*PROVIDED RECORDS*
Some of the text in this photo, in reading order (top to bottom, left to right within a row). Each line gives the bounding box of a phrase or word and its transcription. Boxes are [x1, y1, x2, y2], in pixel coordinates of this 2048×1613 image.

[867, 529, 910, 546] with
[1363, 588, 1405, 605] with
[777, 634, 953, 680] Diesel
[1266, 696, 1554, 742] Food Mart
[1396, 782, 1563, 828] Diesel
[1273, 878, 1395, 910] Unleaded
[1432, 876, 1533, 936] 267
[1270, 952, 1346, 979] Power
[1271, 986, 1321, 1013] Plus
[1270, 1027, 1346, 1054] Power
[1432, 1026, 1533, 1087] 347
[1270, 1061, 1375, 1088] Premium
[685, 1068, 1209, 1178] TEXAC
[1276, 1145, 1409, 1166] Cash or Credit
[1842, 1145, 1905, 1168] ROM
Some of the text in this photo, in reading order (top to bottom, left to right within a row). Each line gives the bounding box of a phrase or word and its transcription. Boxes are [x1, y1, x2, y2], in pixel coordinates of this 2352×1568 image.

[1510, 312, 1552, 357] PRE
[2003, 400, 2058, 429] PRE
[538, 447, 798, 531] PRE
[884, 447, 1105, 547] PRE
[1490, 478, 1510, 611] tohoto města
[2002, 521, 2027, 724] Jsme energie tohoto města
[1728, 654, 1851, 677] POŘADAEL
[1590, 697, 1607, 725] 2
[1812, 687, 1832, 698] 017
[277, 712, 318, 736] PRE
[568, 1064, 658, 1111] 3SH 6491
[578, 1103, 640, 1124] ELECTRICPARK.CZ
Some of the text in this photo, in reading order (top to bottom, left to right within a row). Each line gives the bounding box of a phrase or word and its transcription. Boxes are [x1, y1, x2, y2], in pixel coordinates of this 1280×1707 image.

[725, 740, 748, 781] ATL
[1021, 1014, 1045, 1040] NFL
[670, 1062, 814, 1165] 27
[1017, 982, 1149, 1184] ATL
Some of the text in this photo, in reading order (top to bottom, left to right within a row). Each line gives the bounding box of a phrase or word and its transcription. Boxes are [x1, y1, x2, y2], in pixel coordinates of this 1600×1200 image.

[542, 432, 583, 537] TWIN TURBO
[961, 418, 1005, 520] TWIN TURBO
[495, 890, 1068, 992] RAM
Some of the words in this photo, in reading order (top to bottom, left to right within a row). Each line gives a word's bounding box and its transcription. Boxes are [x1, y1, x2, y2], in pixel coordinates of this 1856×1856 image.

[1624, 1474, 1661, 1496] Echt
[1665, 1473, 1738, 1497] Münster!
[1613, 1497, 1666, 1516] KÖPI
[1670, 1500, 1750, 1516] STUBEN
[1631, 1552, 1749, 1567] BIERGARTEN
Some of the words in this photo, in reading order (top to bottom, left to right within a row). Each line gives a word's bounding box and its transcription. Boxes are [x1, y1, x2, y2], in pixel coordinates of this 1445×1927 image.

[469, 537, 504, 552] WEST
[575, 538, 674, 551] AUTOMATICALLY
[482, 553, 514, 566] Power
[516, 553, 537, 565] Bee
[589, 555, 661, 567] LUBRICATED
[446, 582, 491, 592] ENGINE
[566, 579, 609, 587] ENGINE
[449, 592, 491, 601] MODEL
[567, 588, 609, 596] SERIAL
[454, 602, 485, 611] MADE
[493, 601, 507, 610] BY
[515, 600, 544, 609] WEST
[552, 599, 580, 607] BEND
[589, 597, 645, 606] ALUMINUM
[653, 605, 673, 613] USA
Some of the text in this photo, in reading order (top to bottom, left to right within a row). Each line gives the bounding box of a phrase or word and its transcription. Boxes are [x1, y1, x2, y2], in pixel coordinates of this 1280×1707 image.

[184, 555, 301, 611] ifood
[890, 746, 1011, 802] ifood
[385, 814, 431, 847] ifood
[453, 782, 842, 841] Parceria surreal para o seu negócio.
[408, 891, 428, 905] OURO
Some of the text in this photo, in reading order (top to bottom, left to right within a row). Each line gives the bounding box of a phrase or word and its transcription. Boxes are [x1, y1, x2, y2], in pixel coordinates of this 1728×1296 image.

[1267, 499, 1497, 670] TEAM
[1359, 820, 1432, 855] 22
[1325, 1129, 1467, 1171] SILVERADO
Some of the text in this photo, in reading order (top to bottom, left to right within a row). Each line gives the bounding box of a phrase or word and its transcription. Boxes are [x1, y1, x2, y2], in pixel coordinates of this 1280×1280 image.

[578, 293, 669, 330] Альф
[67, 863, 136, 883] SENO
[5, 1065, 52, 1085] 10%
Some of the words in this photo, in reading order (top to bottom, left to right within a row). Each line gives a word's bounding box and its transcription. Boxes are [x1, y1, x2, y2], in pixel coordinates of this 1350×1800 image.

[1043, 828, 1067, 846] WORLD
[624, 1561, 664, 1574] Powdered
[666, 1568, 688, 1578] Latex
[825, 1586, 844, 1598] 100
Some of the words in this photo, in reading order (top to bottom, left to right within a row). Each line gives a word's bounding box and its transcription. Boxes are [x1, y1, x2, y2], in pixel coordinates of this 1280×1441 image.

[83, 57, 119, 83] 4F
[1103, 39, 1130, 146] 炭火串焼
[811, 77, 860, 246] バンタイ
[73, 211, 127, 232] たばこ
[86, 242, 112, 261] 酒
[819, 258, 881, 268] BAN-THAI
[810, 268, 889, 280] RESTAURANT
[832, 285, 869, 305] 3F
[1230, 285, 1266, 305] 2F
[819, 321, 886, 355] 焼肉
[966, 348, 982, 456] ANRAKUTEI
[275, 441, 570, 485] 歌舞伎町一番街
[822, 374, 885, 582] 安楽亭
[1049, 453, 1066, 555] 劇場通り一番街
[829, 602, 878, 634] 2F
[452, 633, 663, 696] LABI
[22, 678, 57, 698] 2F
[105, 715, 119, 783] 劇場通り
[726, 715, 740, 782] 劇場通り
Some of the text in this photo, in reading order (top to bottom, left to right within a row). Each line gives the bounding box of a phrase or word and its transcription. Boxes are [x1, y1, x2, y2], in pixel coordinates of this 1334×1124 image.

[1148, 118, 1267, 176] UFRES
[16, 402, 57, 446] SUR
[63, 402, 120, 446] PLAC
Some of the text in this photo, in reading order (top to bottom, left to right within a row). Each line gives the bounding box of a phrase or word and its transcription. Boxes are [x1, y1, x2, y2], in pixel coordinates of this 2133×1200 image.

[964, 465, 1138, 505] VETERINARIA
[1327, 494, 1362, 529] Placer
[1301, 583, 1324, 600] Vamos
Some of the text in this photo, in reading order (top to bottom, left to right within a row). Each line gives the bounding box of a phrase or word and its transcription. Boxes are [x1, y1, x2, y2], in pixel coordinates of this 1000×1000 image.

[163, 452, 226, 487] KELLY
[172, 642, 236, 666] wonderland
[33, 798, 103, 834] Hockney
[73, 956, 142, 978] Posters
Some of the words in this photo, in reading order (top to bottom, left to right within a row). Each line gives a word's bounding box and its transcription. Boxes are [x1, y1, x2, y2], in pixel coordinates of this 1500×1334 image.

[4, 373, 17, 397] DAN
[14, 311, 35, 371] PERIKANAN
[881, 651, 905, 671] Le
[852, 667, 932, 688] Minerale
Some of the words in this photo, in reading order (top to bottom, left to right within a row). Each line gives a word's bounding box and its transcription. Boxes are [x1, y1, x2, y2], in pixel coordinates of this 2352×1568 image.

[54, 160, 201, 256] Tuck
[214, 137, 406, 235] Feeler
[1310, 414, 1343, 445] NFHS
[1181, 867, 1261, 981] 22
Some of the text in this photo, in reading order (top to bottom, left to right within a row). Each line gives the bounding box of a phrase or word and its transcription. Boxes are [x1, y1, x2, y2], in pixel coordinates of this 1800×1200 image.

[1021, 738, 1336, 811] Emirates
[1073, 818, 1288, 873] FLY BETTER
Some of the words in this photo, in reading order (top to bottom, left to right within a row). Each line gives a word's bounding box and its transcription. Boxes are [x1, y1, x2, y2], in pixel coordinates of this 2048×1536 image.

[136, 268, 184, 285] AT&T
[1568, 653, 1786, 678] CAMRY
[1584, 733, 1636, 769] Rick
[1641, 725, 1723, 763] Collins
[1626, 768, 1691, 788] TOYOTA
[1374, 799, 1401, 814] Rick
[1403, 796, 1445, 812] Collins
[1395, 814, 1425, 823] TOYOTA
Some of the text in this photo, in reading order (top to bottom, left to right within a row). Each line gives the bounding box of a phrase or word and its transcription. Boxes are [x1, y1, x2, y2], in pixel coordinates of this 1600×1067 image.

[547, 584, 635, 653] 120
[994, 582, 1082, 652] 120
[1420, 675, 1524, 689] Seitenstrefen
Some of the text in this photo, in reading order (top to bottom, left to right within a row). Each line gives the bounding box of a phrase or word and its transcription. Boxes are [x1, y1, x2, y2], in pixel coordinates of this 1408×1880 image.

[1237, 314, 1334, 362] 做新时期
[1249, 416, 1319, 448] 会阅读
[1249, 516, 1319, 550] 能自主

*TASK BRIEF*
No line before the one containing "this 1408×1880 image." should be copied; restate that line and all the rest through the end of the data above word for word.

*SOLUTION TO THIS PROBLEM*
Some of the text in this photo, in reading order (top to bottom, left to right within a row). Each line gives the bounding box of a phrase or word and its transcription. Boxes are [x1, y1, x2, y2], in pixel coordinates of this 1408×1880 image.

[1237, 314, 1334, 362] 做新时期
[1249, 416, 1319, 448] 会阅读
[1249, 516, 1319, 550] 能自主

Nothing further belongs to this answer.